Le parole sono di Tess, uno dei personaggi protagonisti di Marjorie Prime, film presentato alla seconda edizione dell’Extra sci-fi Festival di Verona. Il concetto di memoria come elemento fallace sembra legarsi direttamente ad After Yang, primo lungometraggio che abbiamo visto al festival quest’anno, e che tra cloni e androidi scavava nell’inconscio dei ricordi per abbattere in un certo senso l’avvento del post-umanesimo.

Un dramma sci-fi chiuso in quattro mura

Anche il film diretto da Michael Almereyda è ambientato in un futuro prossimo, dove gli ologrammi possono rappresentare i nostri cari passati a miglior vita, condividendo con noi esperienze del passato. Questa particolare tecnologia però può essere manipolata e con essa anche la memoria.

Assume i connotati del kammerspiel sci-fi Marjorie Prime, essendo ambientato quasi esclusivamente tra le mura della casa della ottantaseienne Marjorie, signora che attraverso l’ologramma del marito rivive nei ricordi o presunti tali.

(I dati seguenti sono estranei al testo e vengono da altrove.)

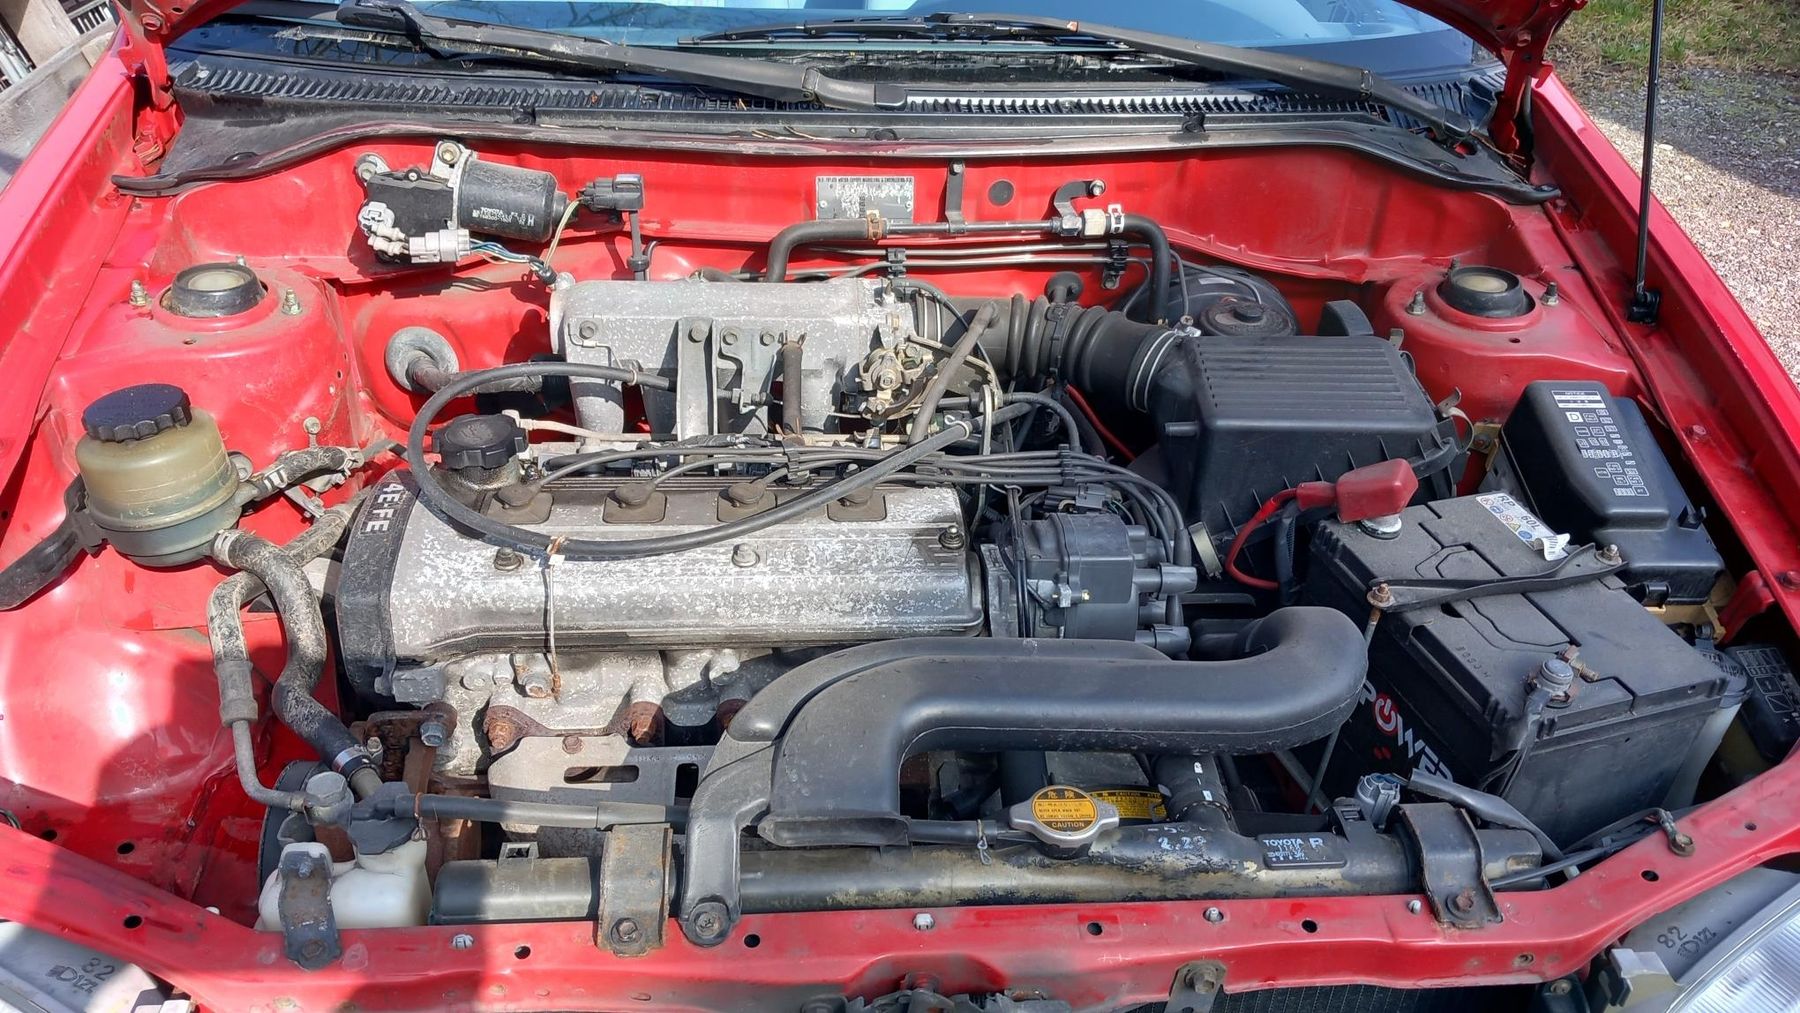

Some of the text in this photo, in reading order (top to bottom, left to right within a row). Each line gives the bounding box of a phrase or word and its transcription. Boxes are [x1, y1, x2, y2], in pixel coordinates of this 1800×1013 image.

La natura perciò intima della vicenda si sposa perfettamente con la regia di Almereyda, composta per la maggiore da campi e controcampi, dialoghi che si interrogano sul valore del passato, su come sia fondamentale nel ruolo psico-analitico del superamento del trauma. Il minimalismo della scenografia e delle prove recitative di un cast da urlo (Lois Smith, Jon Hamm, Geena Davis, Tim Robbins) dona a Marjorie Prime l’aura di un film sui fantasmi, pregno di scheletri nell’armadio da cui i protagonisti vogliono liberarsi mediante una ricostruzione della memoria.

L’etica entra quindi in gioco: dov’è il confine tra il far star bene i propri cari e una ipotetica elevazione divina? Dov’è il un punto di non ritorno?

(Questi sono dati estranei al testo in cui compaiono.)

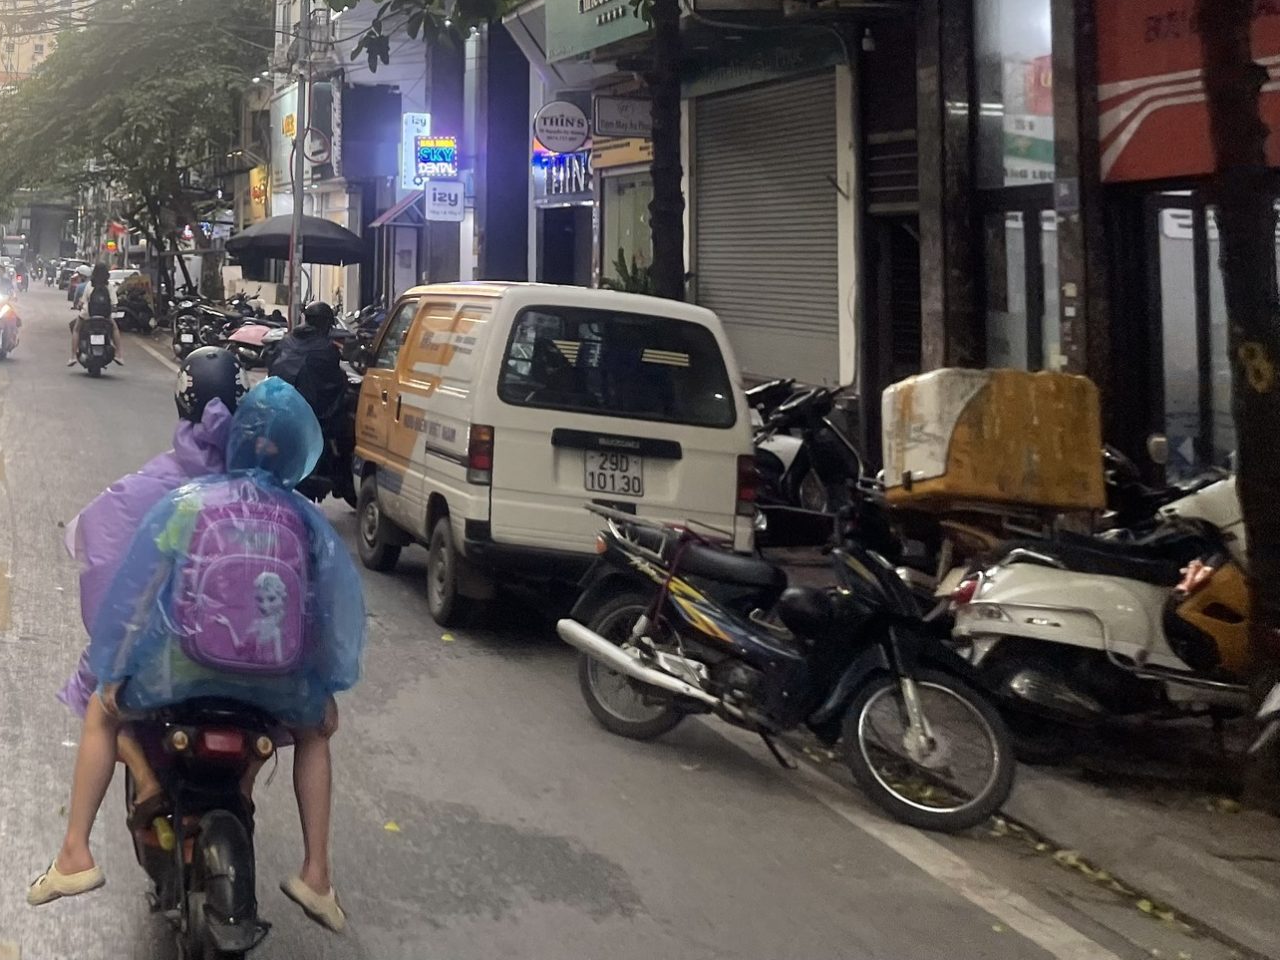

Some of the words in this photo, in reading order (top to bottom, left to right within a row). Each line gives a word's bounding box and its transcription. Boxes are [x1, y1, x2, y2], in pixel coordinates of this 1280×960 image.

[420, 148, 455, 162] SKY
[432, 187, 458, 207] izy
[599, 452, 629, 473] 29D
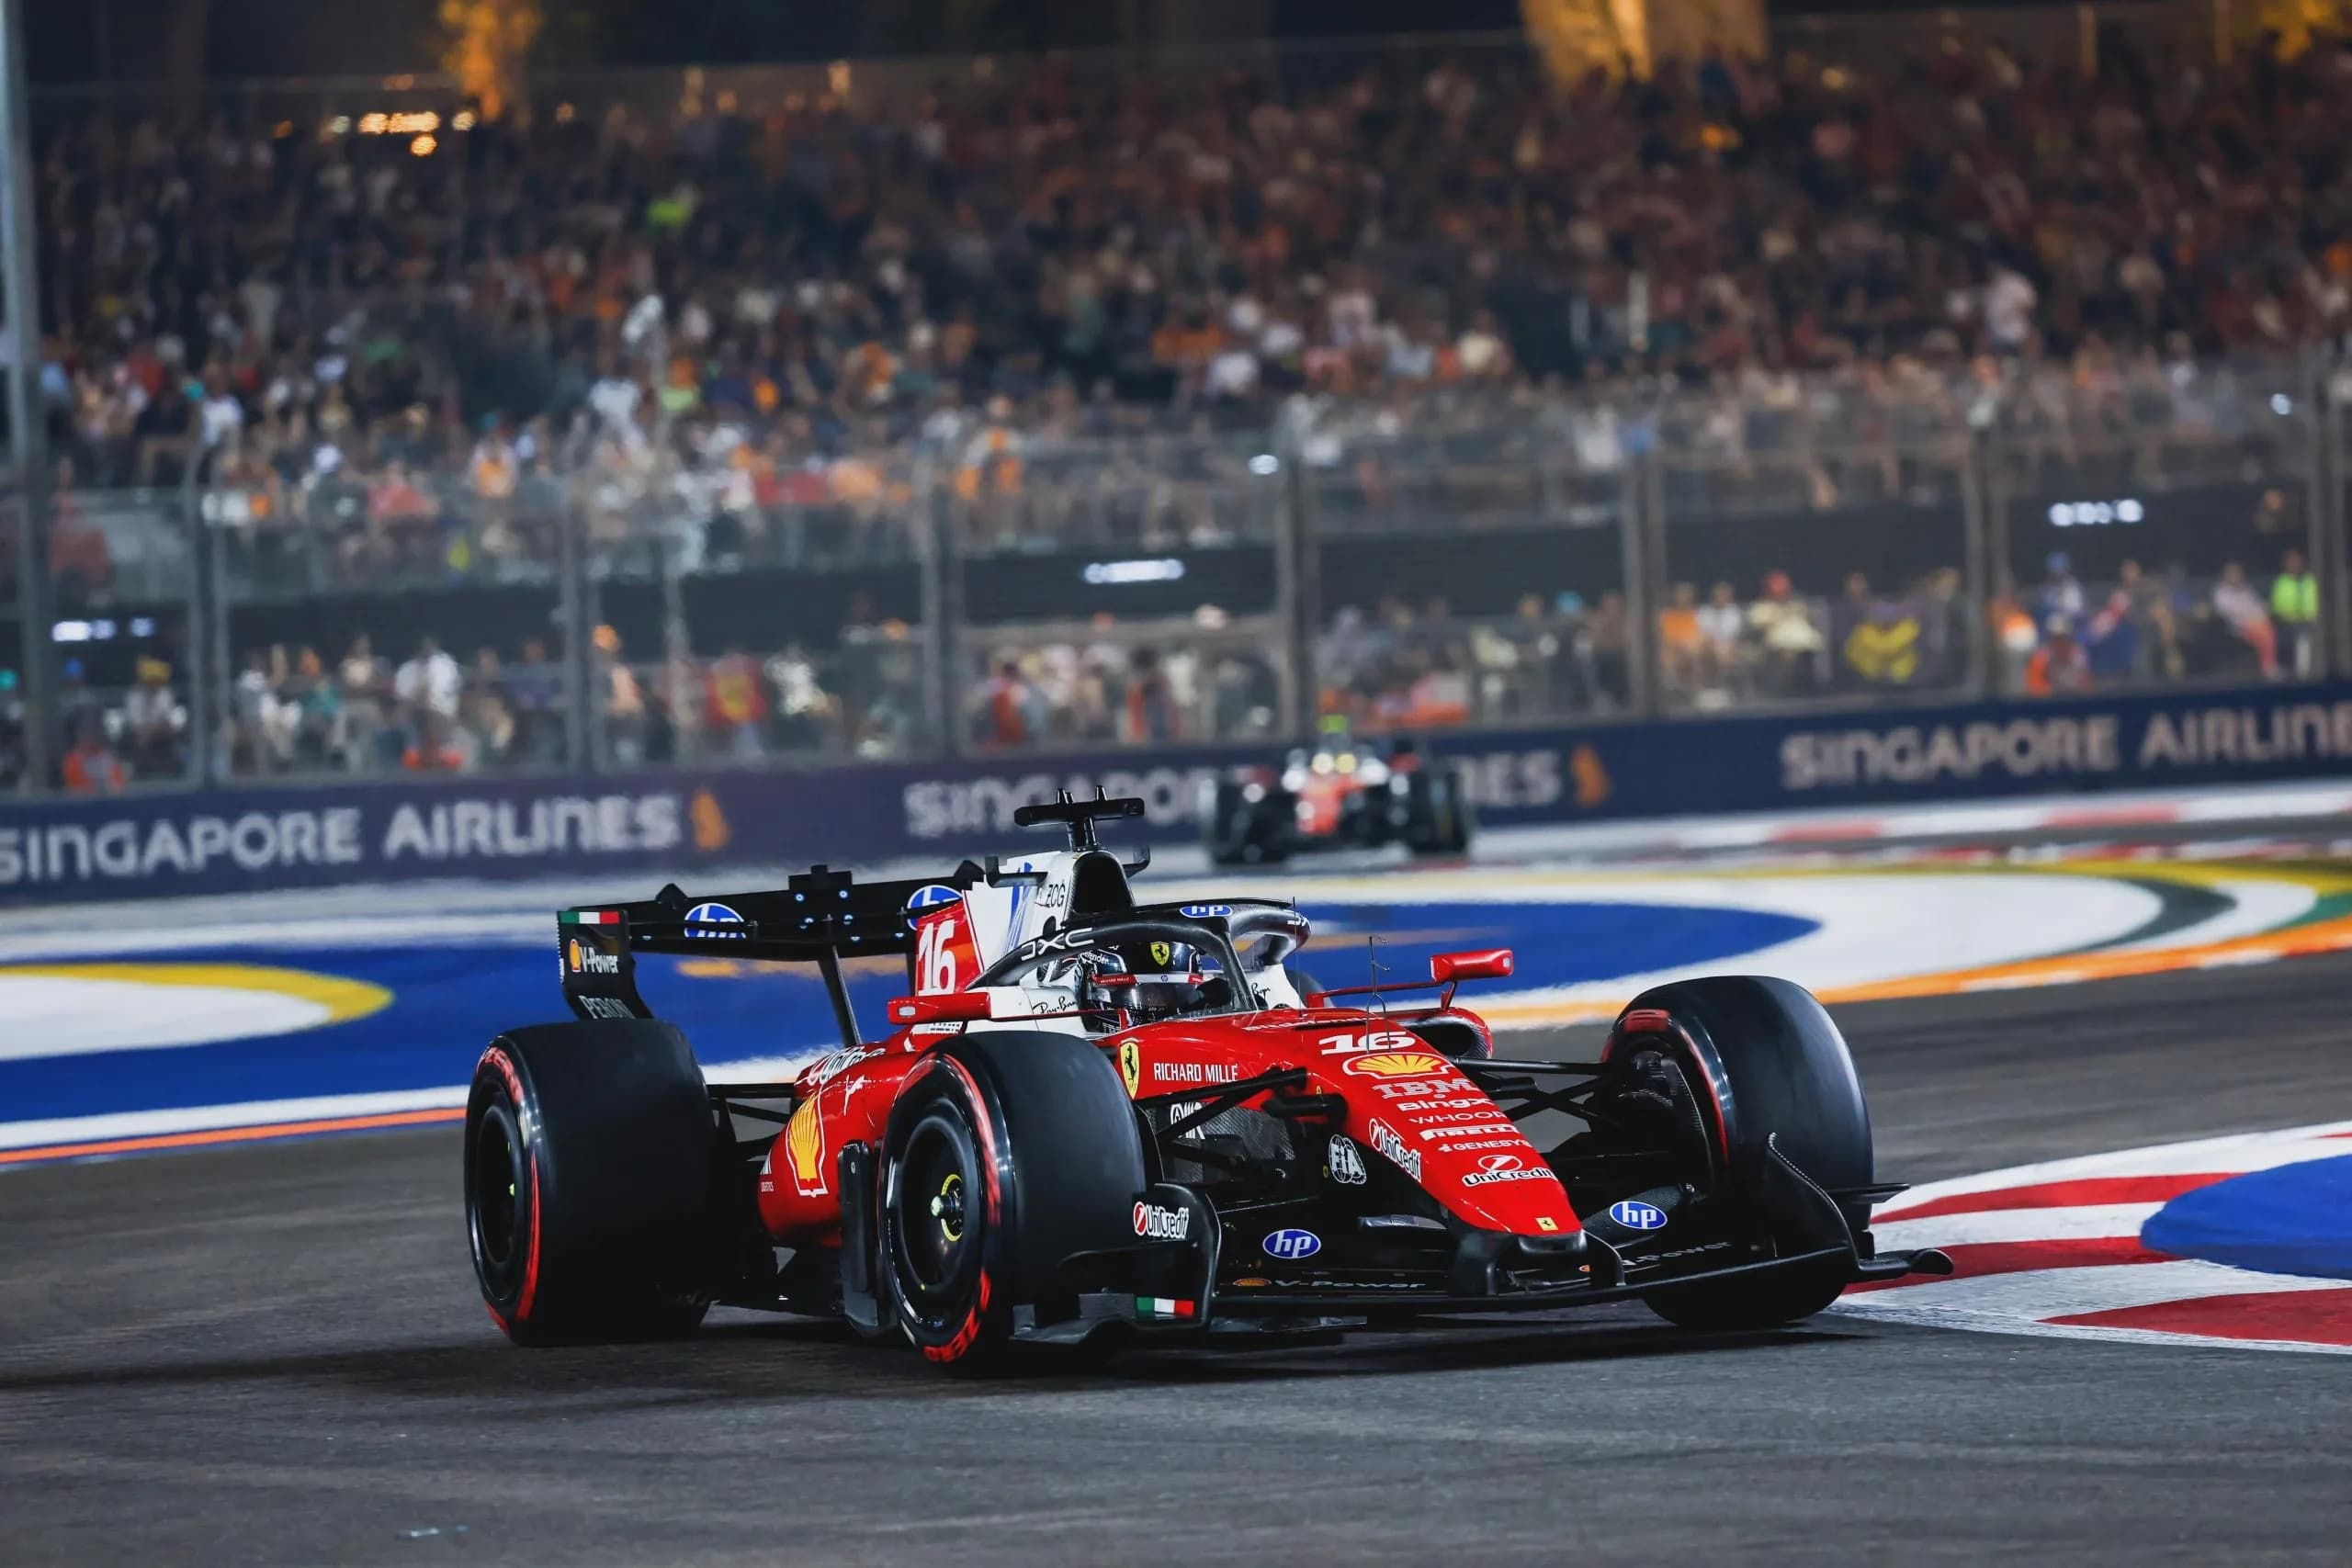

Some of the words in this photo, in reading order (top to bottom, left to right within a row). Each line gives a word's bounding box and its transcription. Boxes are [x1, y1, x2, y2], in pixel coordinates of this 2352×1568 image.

[1781, 716, 2120, 788] SINGAPORE
[0, 807, 361, 885] SINGAPORE
[383, 793, 682, 860] AIRLINES
[1192, 906, 1223, 917] hp
[579, 946, 618, 974] V-Power
[918, 919, 956, 997] 16
[1318, 1031, 1416, 1055] 16
[1154, 1063, 1202, 1081] RICHARD
[1205, 1064, 1238, 1082] MILLE
[1373, 1077, 1477, 1100] IBM
[1379, 1125, 1421, 1183] UniCredit
[1146, 1205, 1190, 1239] UniCredit
[1622, 1201, 1657, 1229] hp
[1274, 1230, 1312, 1258] hp

Un futuro che non è più utopico

Ciò che affascina e al tempo stesso spaventa, forse ancor di più di After Yang, è che il futuro a cui assistiamo pare essere veramente prossimo, se non già arrivato. Pensiamo agli ologrammi di figure di spicco defunte, ad esempio di cantanti che si esibiscono live ai concerti. Certo, in quel caso non c’è una interazione con il pubblico, ma se a questi ologrammi venisse applicata una tecnologia come ChatGPT? Allora il marito defunto di Marjorie non sembrerebbe più una realtà tanto cinematografica.

Sebbene quindi si possa concretamente superare un trauma, alleviare le pene della vecchiaia, in un certo senso l’avvento dell’intelligenza artificiale ci riconduce non a una post-umanità utopica, ma ad umanesimo storico, figlio del nostro genio in quanto persone dotate di una memoria difettosa.